■ Exercise goal: Output all the records word for word. Drop the pictures.

(Input material Opens)

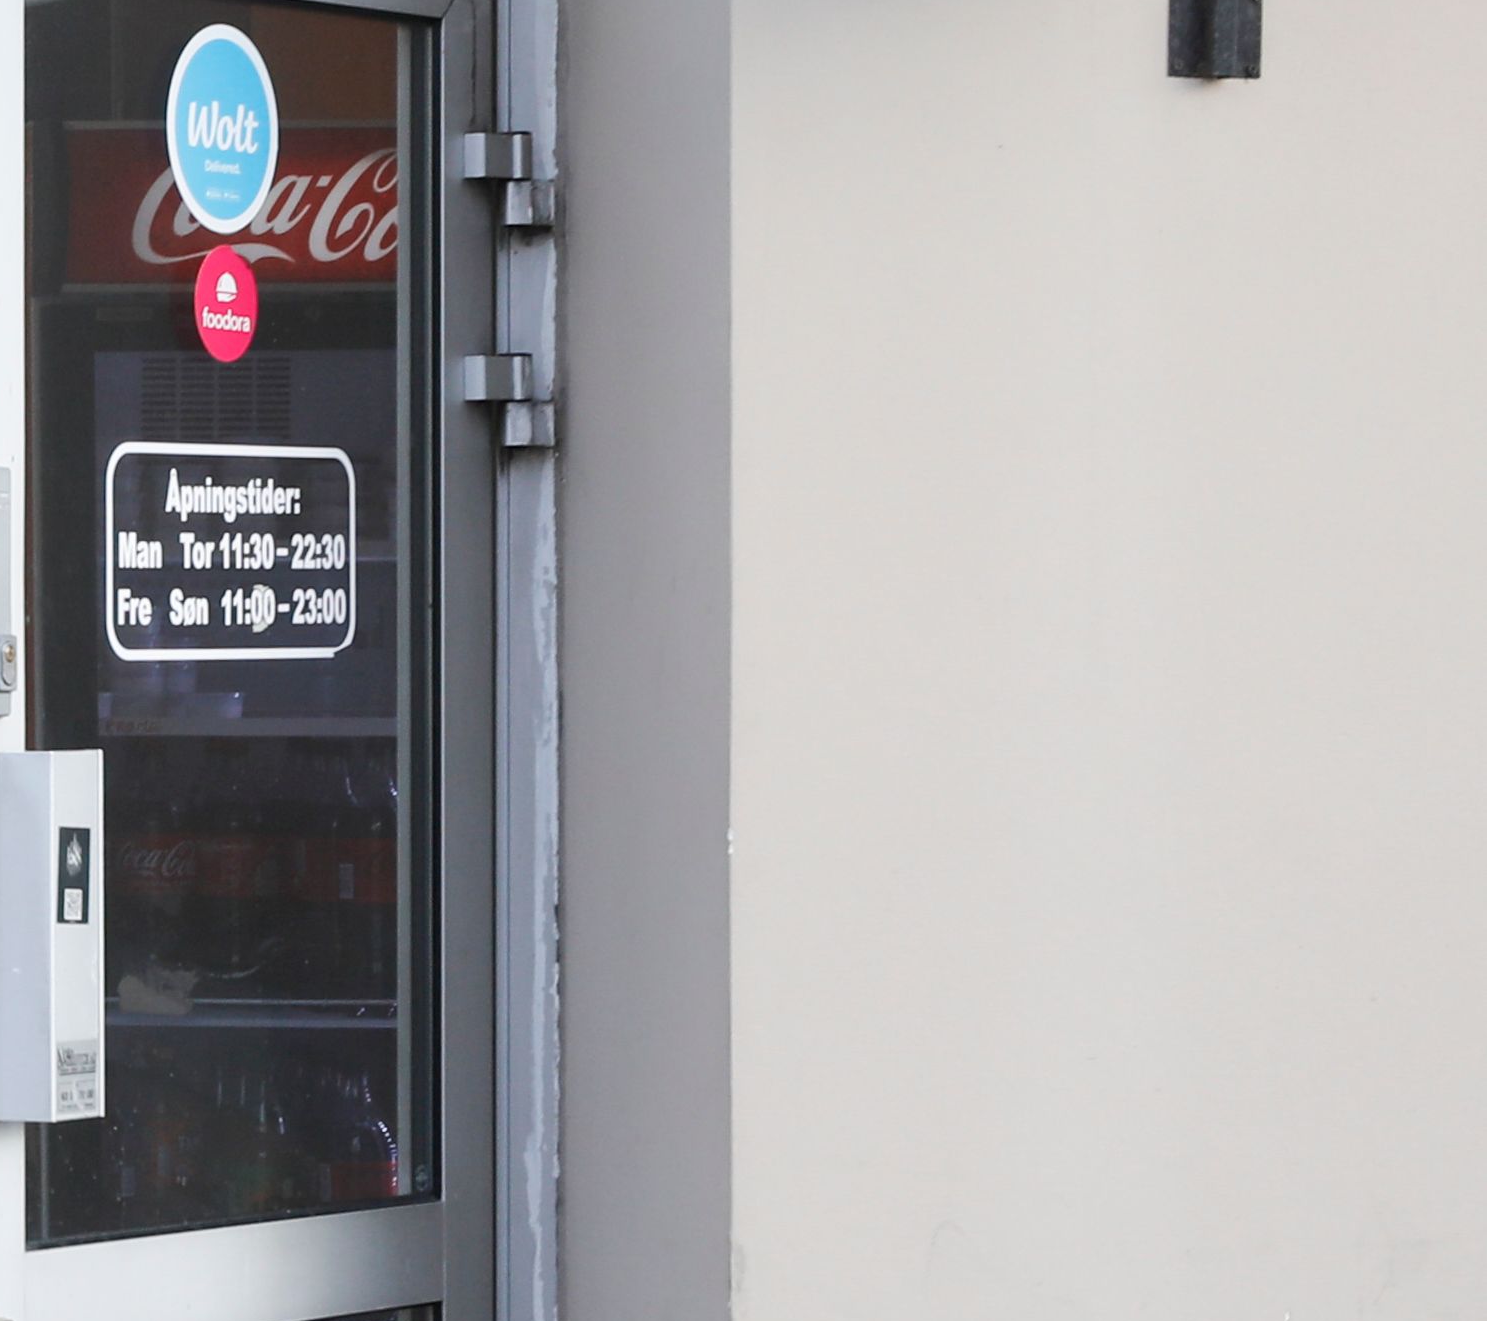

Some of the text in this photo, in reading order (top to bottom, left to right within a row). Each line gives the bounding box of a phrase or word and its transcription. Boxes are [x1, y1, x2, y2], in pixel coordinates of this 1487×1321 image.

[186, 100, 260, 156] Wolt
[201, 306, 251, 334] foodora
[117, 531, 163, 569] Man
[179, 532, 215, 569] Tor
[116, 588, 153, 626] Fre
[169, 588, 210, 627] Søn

(Input material Closes)

■ Your solution:
Some of the text in this photo, in reading order (top to bottom, left to right within a row). Each line gives the bounding box of a phrase or word and its transcription. Boxes are [x1, y1, x2, y2], in pixel coordinates of this 1487×1321 image.

[186, 100, 260, 156] Wolt
[201, 306, 251, 334] foodora
[117, 531, 163, 569] Man
[179, 532, 215, 569] Tor
[116, 588, 153, 626] Fre
[169, 588, 210, 627] Søn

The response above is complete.